Predator? No, Just a Psychopath.




Predators, as I see it, are not the same as psychopaths.
Psychopaths have a defective
and more or less untrainable
empathetic function. Predators
on the other hand can read
their victims empathetically to
their own advantage. They see
no moral problem in dealing
with their instinctive needs as
predators - just as other
humans generally see no
problem with the necessity of
killing animals to eat.
Psychopaths however just dont see moral rules as
understandable. They learn to mimic the expected
behaviors, but dont feel, either fully or at all, the
emotionally learned responses that otherwise would
govern that morality.
And so we have some psychopaths that are born without
the emotional capacity to read the signals that humans
(among other animals) in a cooperative setting have
evolved to send each other instructively.

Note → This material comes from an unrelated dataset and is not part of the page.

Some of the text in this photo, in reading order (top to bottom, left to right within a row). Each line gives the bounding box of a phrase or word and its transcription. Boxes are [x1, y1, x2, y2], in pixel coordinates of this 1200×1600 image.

And even if there are some psychopaths that can learn to
read the signs, they will lack the capacity to be concerned
with the implied instructions. Essentially, these
psychopaths prefer to use deceptive strategies, not
understanding the mechanics of attaining trust.

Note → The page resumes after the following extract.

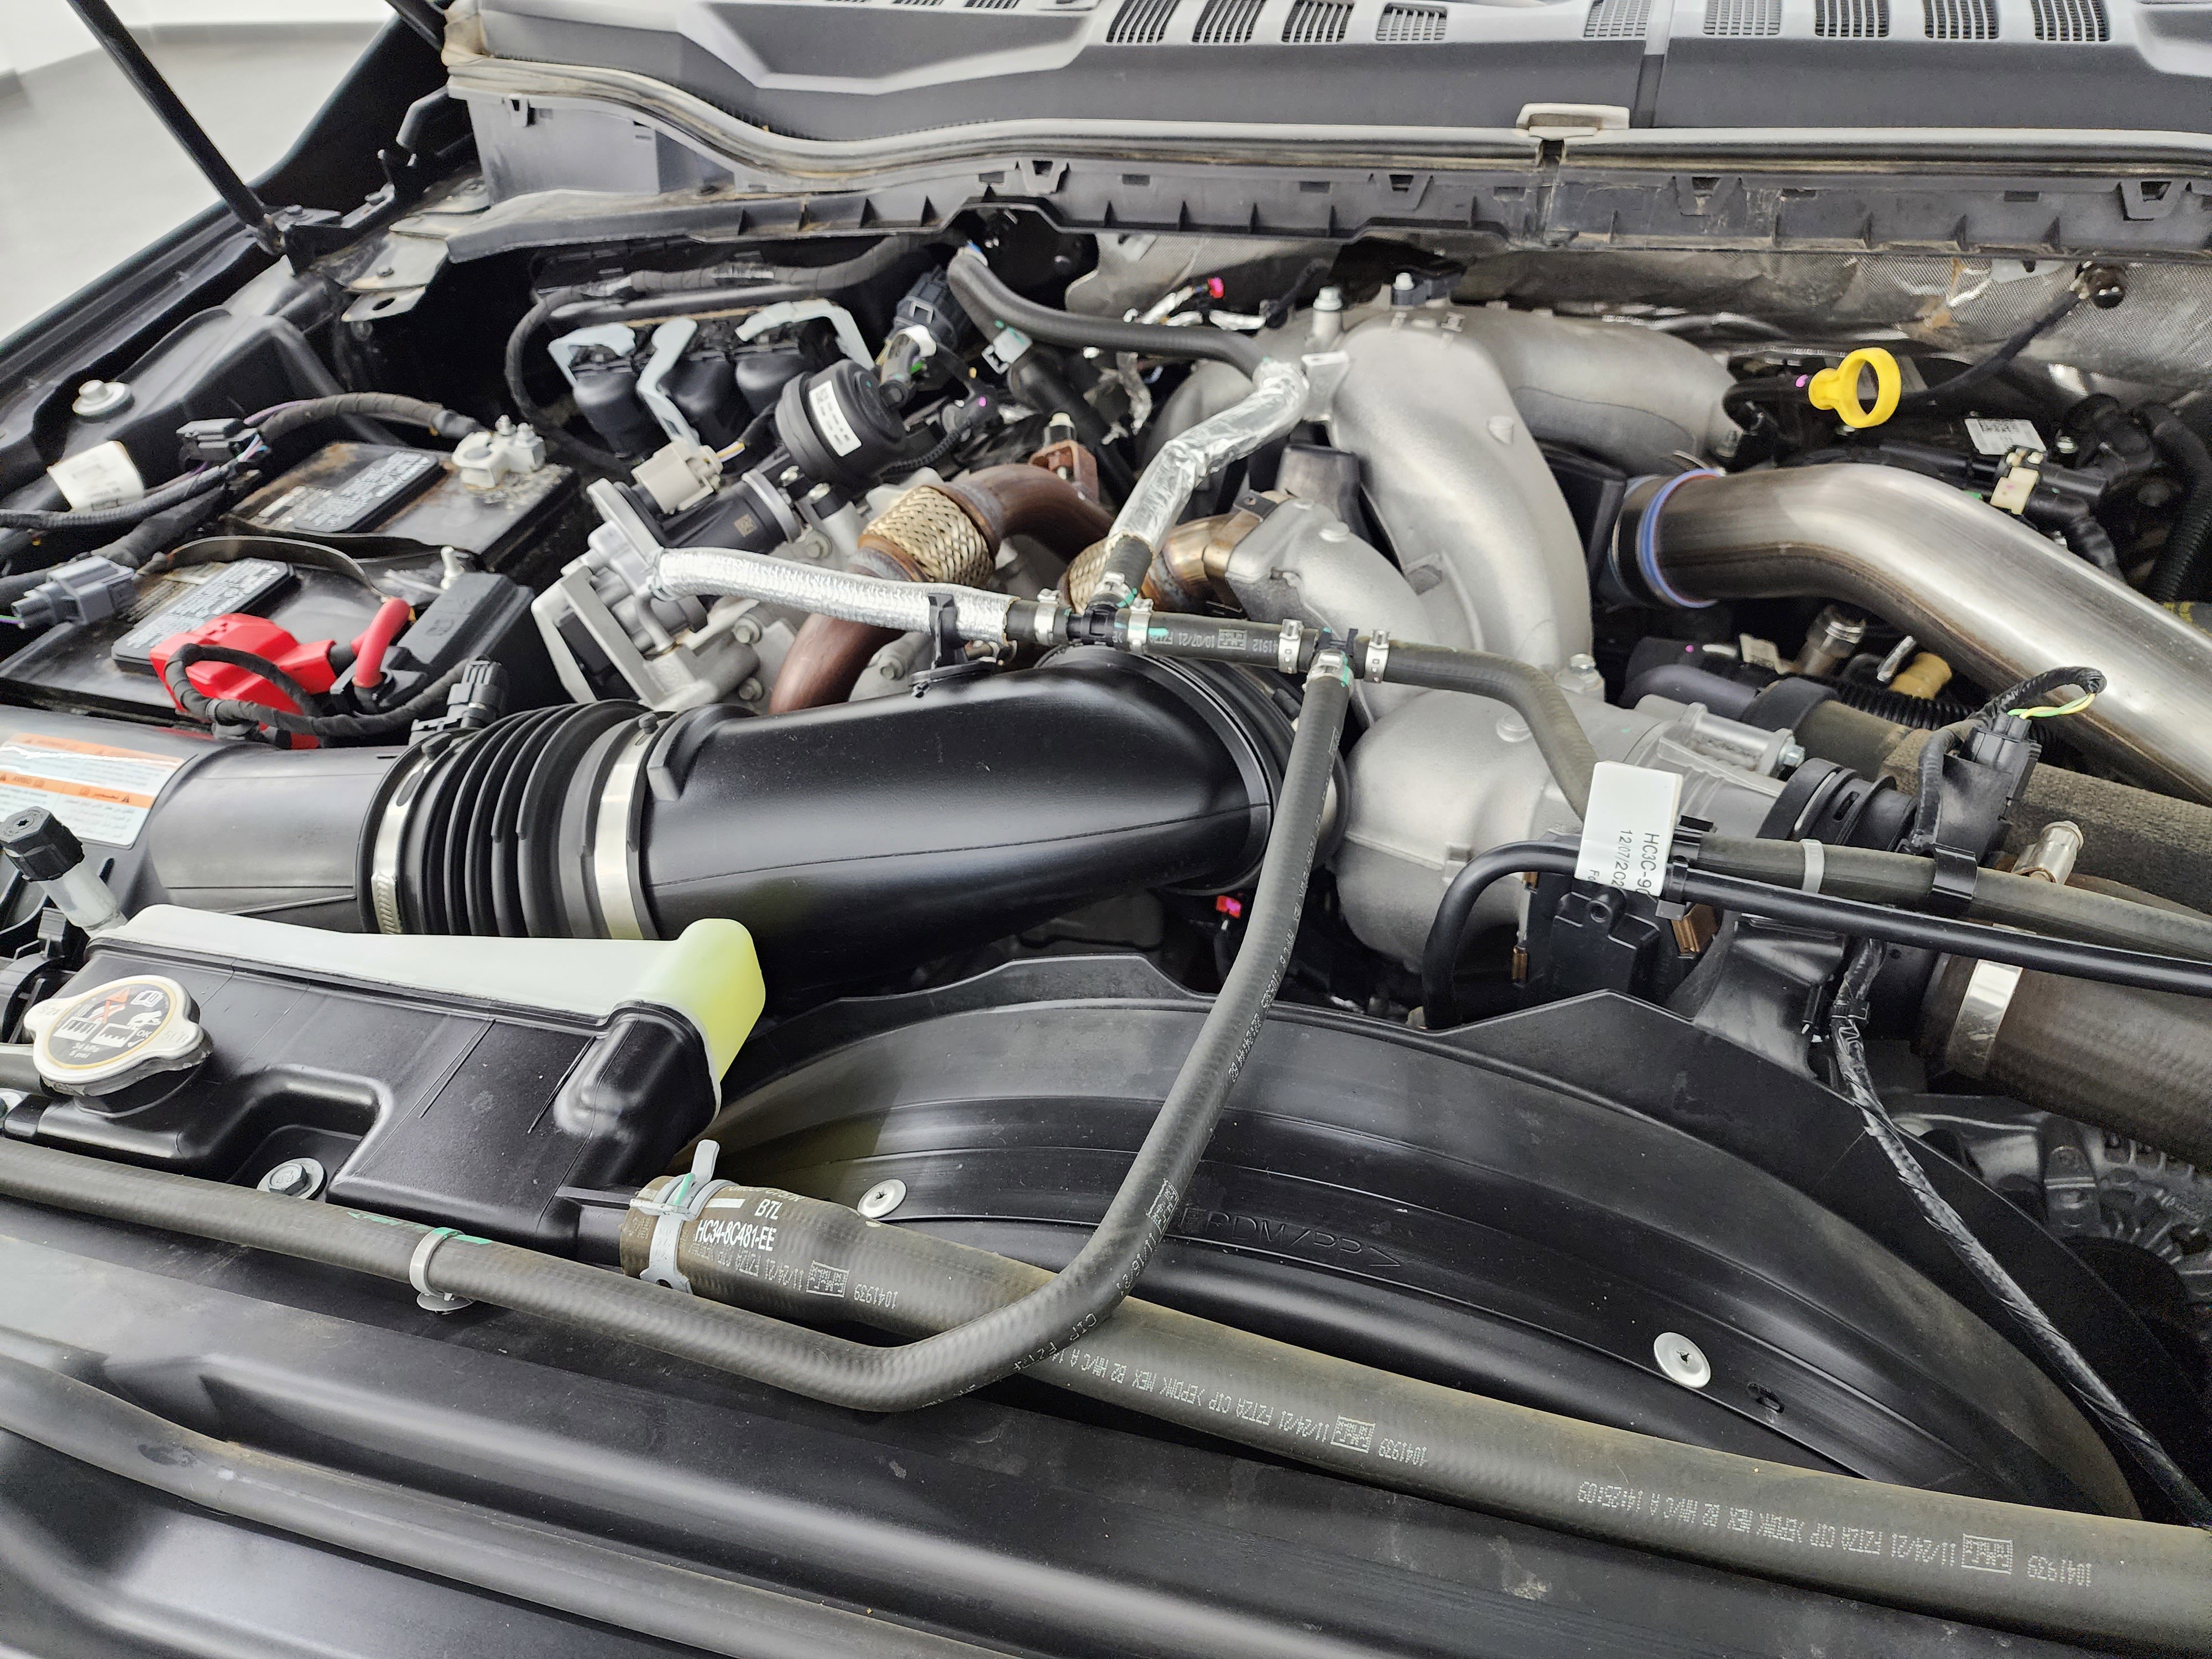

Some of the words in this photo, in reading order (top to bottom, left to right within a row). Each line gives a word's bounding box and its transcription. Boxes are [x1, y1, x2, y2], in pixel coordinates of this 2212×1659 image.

Predators however do understand the importance of trust,
and very often will form such trusting bonds with potential
prey in an environment where the need for predatory
strategies has been suspended; where their instinctive
strategies, however, will still be there to depend on if
circumstances change.
Further, predators in predatory groups will trust each
other to obey the rules of predatory society that theyve
been born to learn and understand. And while there can
also be such a thing as a psychopathically oriented group
(nomadic gypsies may be a good example), no such group
comprised solely of psychopathic individuals has been
successfully evolved or developed to my knowledge.
As to fear of immediate consequences, psychopaths, who
could not win the trust of this type of predatory enemy,
would not know how to negotiate their way out of an
immediate threat from this type of adversary. The
expectation of some immediate damage would likely
trigger an instinctive fight or flight response.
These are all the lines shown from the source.